## Exercise
Give back the entries that follow exactly as written. Any picture gets left out.

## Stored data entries
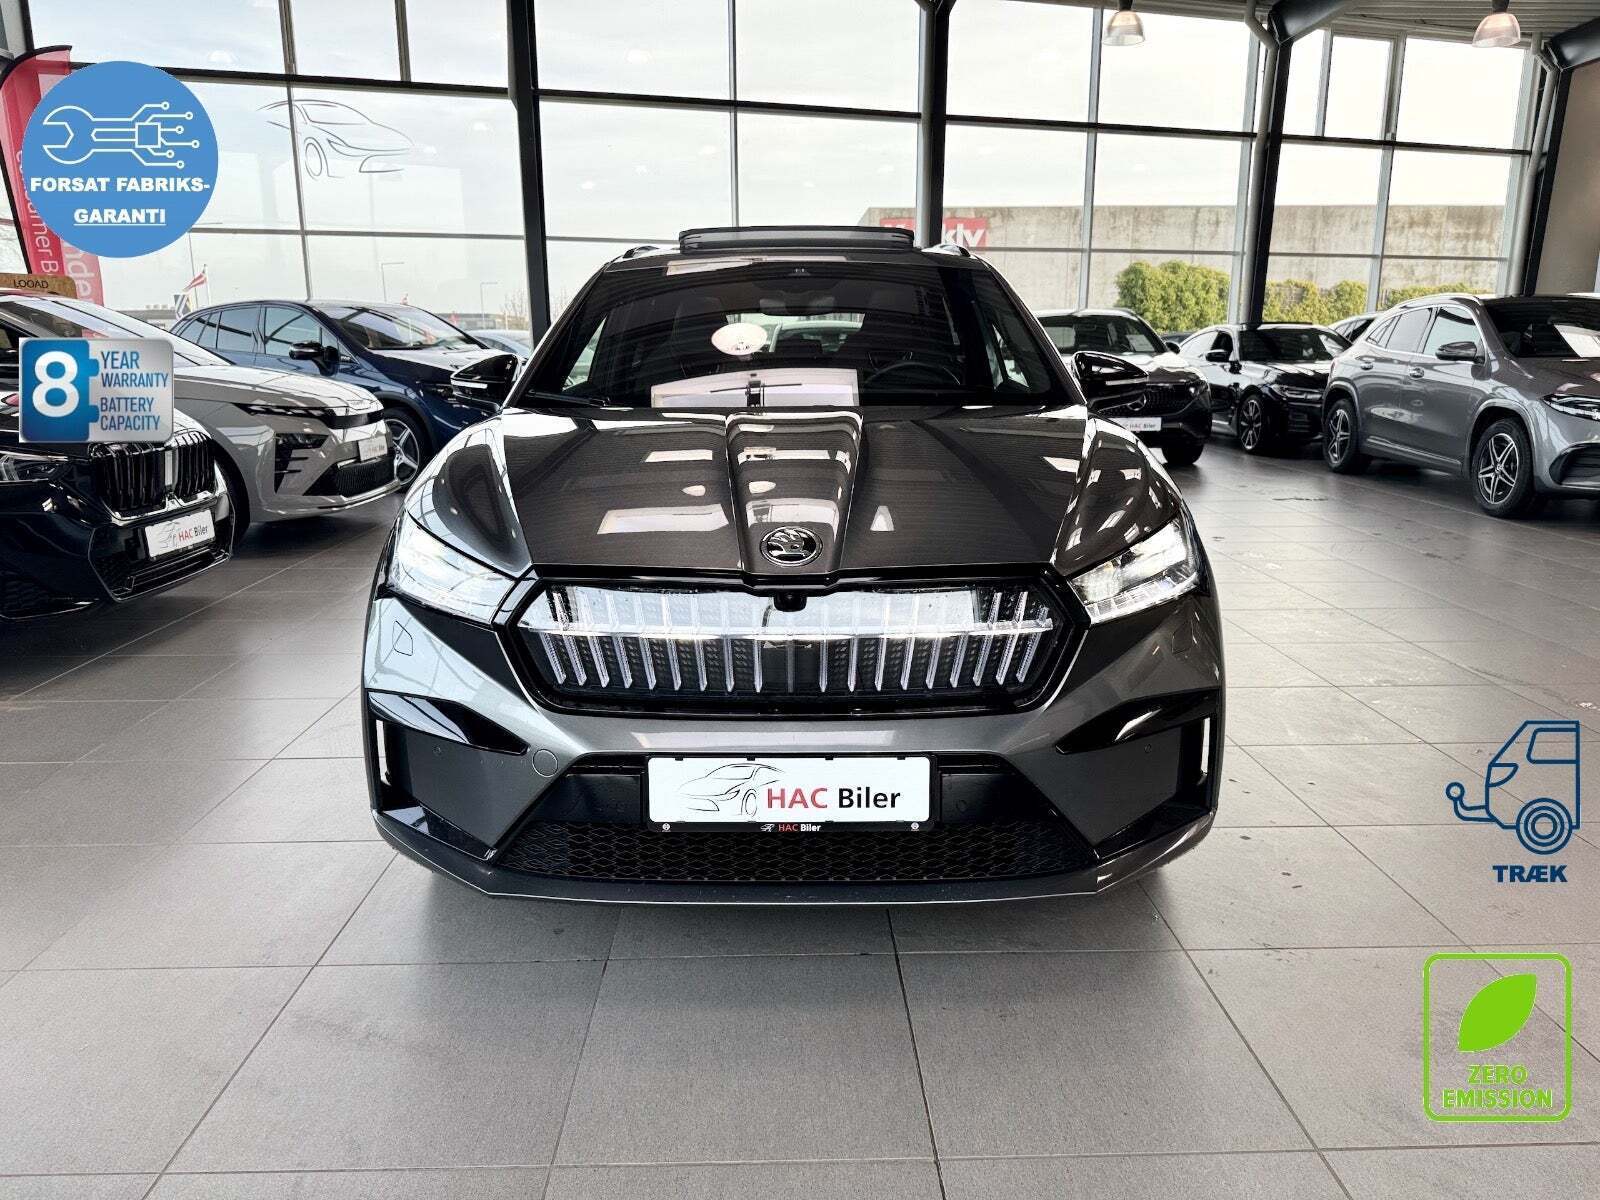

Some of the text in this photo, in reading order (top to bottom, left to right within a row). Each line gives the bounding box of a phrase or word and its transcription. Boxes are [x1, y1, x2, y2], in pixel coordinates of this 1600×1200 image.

[178, 525, 208, 541] HAC Biler
[767, 786, 900, 809] HAC Biler
[778, 823, 821, 832] HAC Biler
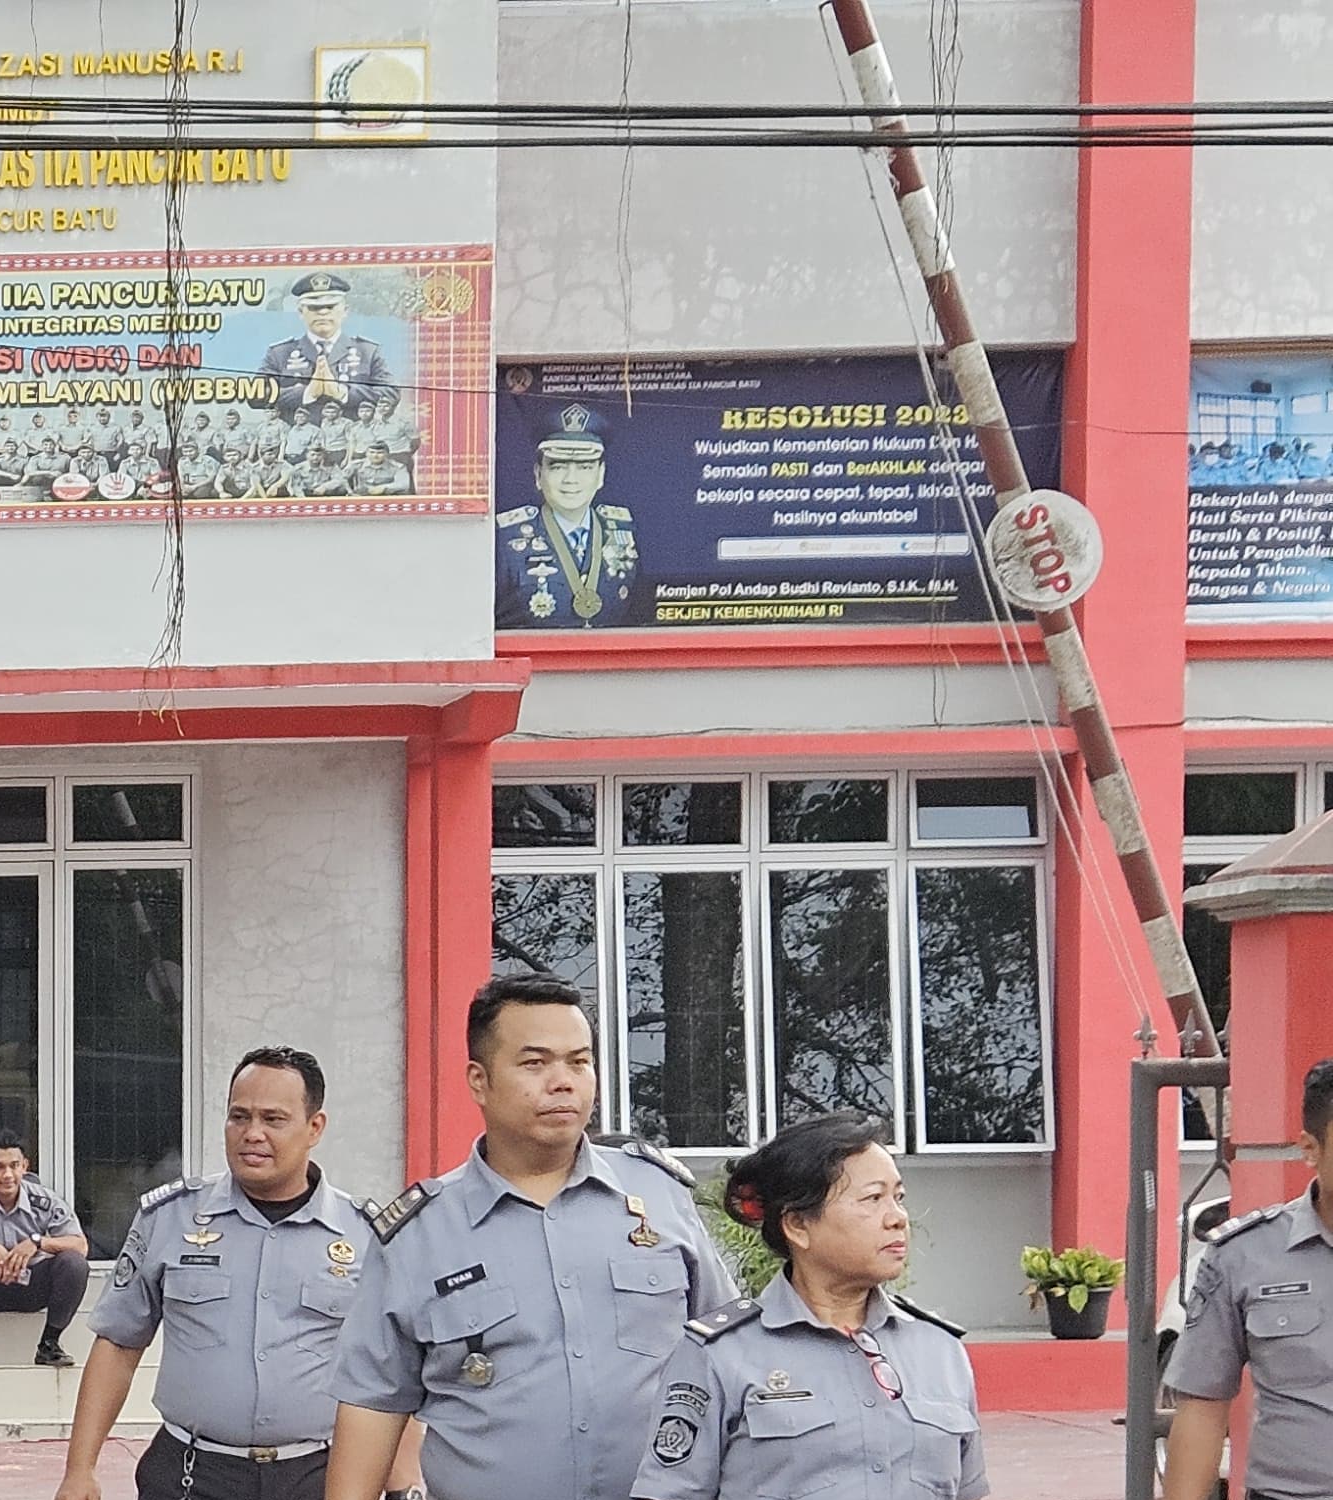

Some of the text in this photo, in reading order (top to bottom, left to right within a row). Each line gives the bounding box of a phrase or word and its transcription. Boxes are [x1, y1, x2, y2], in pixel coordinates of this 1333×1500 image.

[44, 150, 83, 187] IIA
[212, 149, 293, 184] BATU
[52, 207, 118, 232] BATU
[2, 283, 44, 309] IIA
[52, 280, 178, 309] PANCUR
[185, 278, 265, 306] BATU
[32, 344, 130, 375] (WBK)
[137, 343, 202, 370] DAN
[150, 377, 281, 406] (WBBM)
[721, 403, 970, 430] RESOLUSI 2023
[694, 439, 770, 458] Wujudkan
[773, 437, 868, 454] Kementerian
[873, 435, 926, 452] Hukum
[702, 461, 767, 479] Semakin
[771, 461, 810, 478] PASTI
[813, 460, 844, 477] dan
[847, 459, 926, 477] BerAKHLAK
[696, 484, 755, 505] bekerja
[757, 485, 811, 502] secara
[813, 484, 865, 504] cepat,
[868, 484, 914, 504] tepat,
[1189, 491, 1279, 510] Bekerjalah
[773, 507, 918, 528] hasilnya akuntabel
[1189, 510, 1227, 526] Hati
[1230, 509, 1275, 526] Serta
[1189, 527, 1243, 545] Bersih
[1245, 527, 1262, 542] &
[1014, 504, 1073, 593] STOP
[1188, 546, 1240, 562] Untuk
[1187, 564, 1252, 582] Kepada
[656, 583, 706, 600] Komjen
[709, 582, 732, 597] Pol
[733, 581, 778, 599] Andap
[780, 580, 820, 596] Budhi
[1187, 579, 1332, 599] Bangsa & Negara
[656, 603, 845, 621] SEKJEN KEMENKUMHAM RI
[446, 1270, 474, 1288] EVAN

## Exercise output
Some of the text in this photo, in reading order (top to bottom, left to right within a row). Each line gives the bounding box of a phrase or word and its transcription. Boxes are [x1, y1, x2, y2], in pixel coordinates of this 1600×1200 image.

[178, 525, 208, 541] HAC Biler
[767, 786, 900, 809] HAC Biler
[778, 823, 821, 832] HAC Biler

Some of the text in this photo, in reading order (top to bottom, left to right within a row). Each line gives the bounding box of a phrase or word and its transcription. Boxes are [x1, y1, x2, y2], in pixel coordinates of this 1333×1500 image.

[44, 150, 83, 187] IIA
[212, 149, 293, 184] BATU
[52, 207, 118, 232] BATU
[2, 283, 44, 309] IIA
[52, 280, 178, 309] PANCUR
[185, 278, 265, 306] BATU
[32, 344, 130, 375] (WBK)
[137, 343, 202, 370] DAN
[150, 377, 281, 406] (WBBM)
[721, 403, 970, 430] RESOLUSI 2023
[694, 439, 770, 458] Wujudkan
[773, 437, 868, 454] Kementerian
[873, 435, 926, 452] Hukum
[702, 461, 767, 479] Semakin
[771, 461, 810, 478] PASTI
[813, 460, 844, 477] dan
[847, 459, 926, 477] BerAKHLAK
[696, 484, 755, 505] bekerja
[757, 485, 811, 502] secara
[813, 484, 865, 504] cepat,
[868, 484, 914, 504] tepat,
[1189, 491, 1279, 510] Bekerjalah
[773, 507, 918, 528] hasilnya akuntabel
[1189, 510, 1227, 526] Hati
[1230, 509, 1275, 526] Serta
[1189, 527, 1243, 545] Bersih
[1245, 527, 1262, 542] &
[1014, 504, 1073, 593] STOP
[1188, 546, 1240, 562] Untuk
[1187, 564, 1252, 582] Kepada
[656, 583, 706, 600] Komjen
[709, 582, 732, 597] Pol
[733, 581, 778, 599] Andap
[780, 580, 820, 596] Budhi
[1187, 579, 1332, 599] Bangsa & Negara
[656, 603, 845, 621] SEKJEN KEMENKUMHAM RI
[446, 1270, 474, 1288] EVAN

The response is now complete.